"The
Great God Pan" is a novella by Welsh writer Arthur Machen. A version of
the story was published in the magazine The Whirlwind in 1890, and
Machen revised and extended it for its book publication (together with
another story, "The Inmost Light") in 1894. On publication it was widely
denounced by the press as degenerate and horrific because of its
decadent style and sexual content, although it has since garnered a
reputation as a classic of horror.
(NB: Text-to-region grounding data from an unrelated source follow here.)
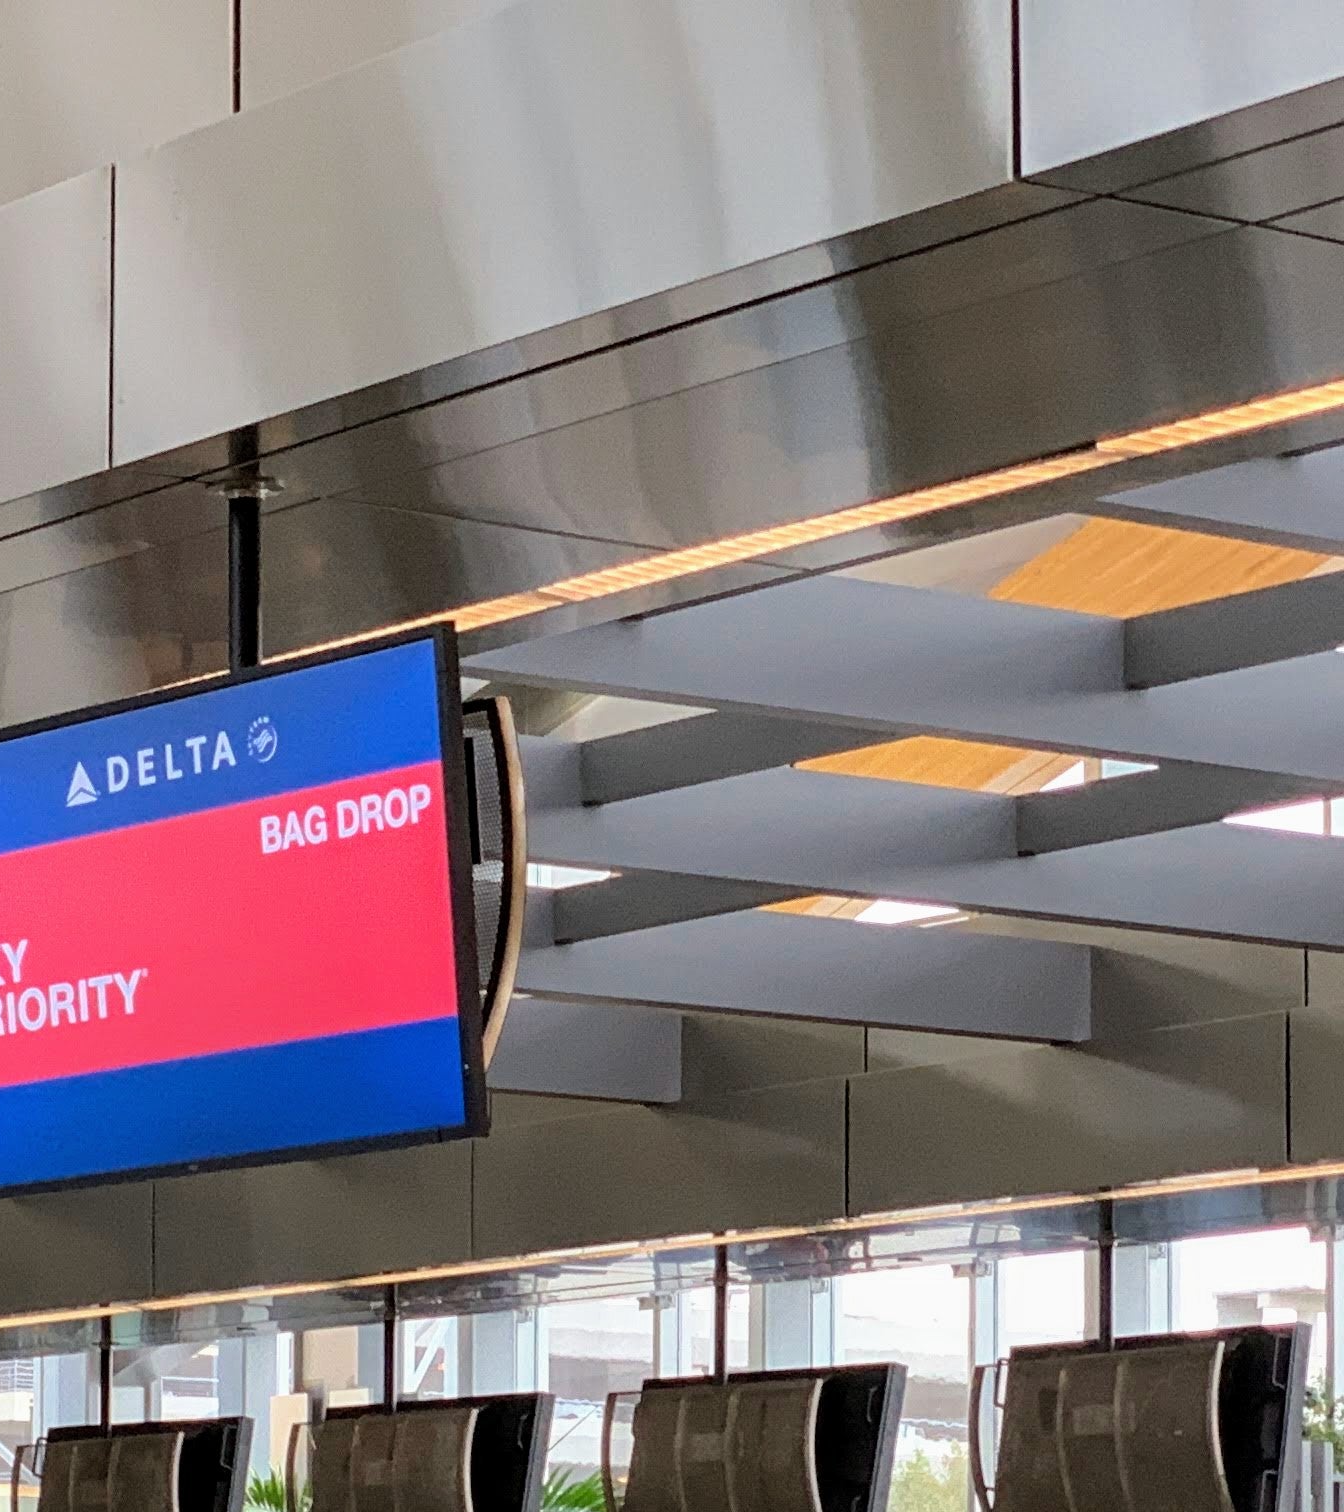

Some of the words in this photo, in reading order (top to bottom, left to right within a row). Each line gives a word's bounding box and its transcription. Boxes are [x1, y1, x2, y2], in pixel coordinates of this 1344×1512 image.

[106, 731, 236, 793] DELTA
[260, 808, 328, 854] BAG
[337, 785, 431, 839] DROP
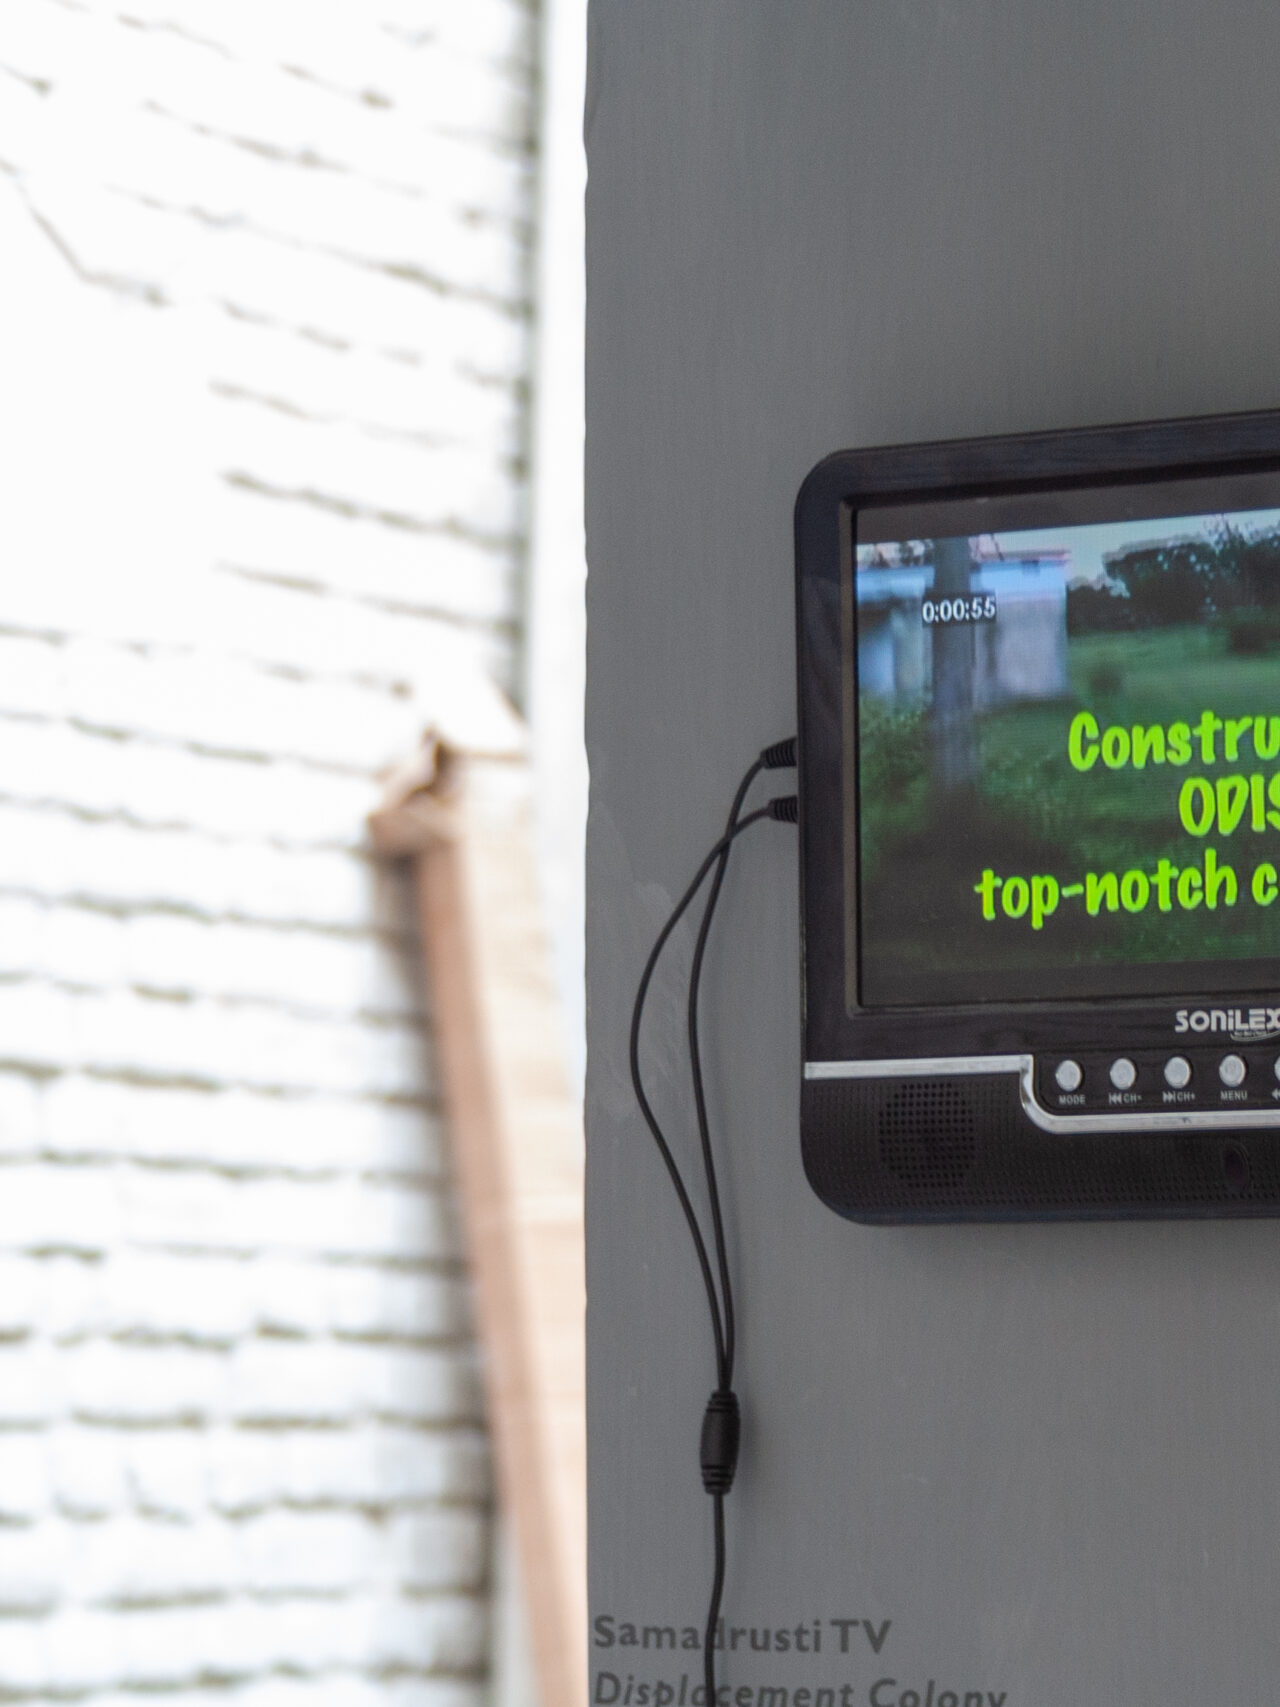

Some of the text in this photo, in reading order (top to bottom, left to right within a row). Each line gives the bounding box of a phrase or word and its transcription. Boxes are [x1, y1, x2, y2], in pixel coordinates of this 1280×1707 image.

[922, 596, 996, 624] 0:00:55
[974, 848, 1237, 930] top-notch
[1058, 1094, 1086, 1105] MODE
[1176, 1092, 1196, 1101] CH+
[1220, 1090, 1248, 1100] MENU
[593, 1614, 893, 1655] Samadrusti TV
Machen’s story was only one of many
at the time to focus on the Greek God Pan as a useful symbol for the
power of nature and paganism. The title was possibly inspired by the
poem "A Musical Instrument" published in 1862 by Elizabeth Barrett
Browning, in which the first line of every stanza ends "... the great
god Pan."
Clarke
agrees, somewhat unwillingly, to bear witness to a strange experiment
performed by his friend, Dr. Raymond. The ultimate goal of the doctor is
to open the mind of man so that he may experience the spiritual world,
an experience he calls "seeing the great god Pan". He performs the
experiment, which involves minor brain surgery, on a young woman named
Mary. She awakens from the operation awed and terrified but quickly
becomes "a hopeless idiot".
Years
later, Clarke learns of a beautiful but sinister girl named Helen
Vaughan, who is reported to have caused a series of mysterious
happenings in her town. She spends much of her time in the woods near
her house, where a young boy stumbles across her talking to a strange
man one day; the boy becomes hysterical and later, after seeing a Roman
statue of a satyr's head, becomes permanently feeble-minded. Helen also
befriends a neighbour girl, Rachel, whom she leads several times into
the woods. On one occasion Rachel returns home distraught; afterward,
she returns to the woods and disappears forever.....That is all we can
tell right now, it might be a spoiler.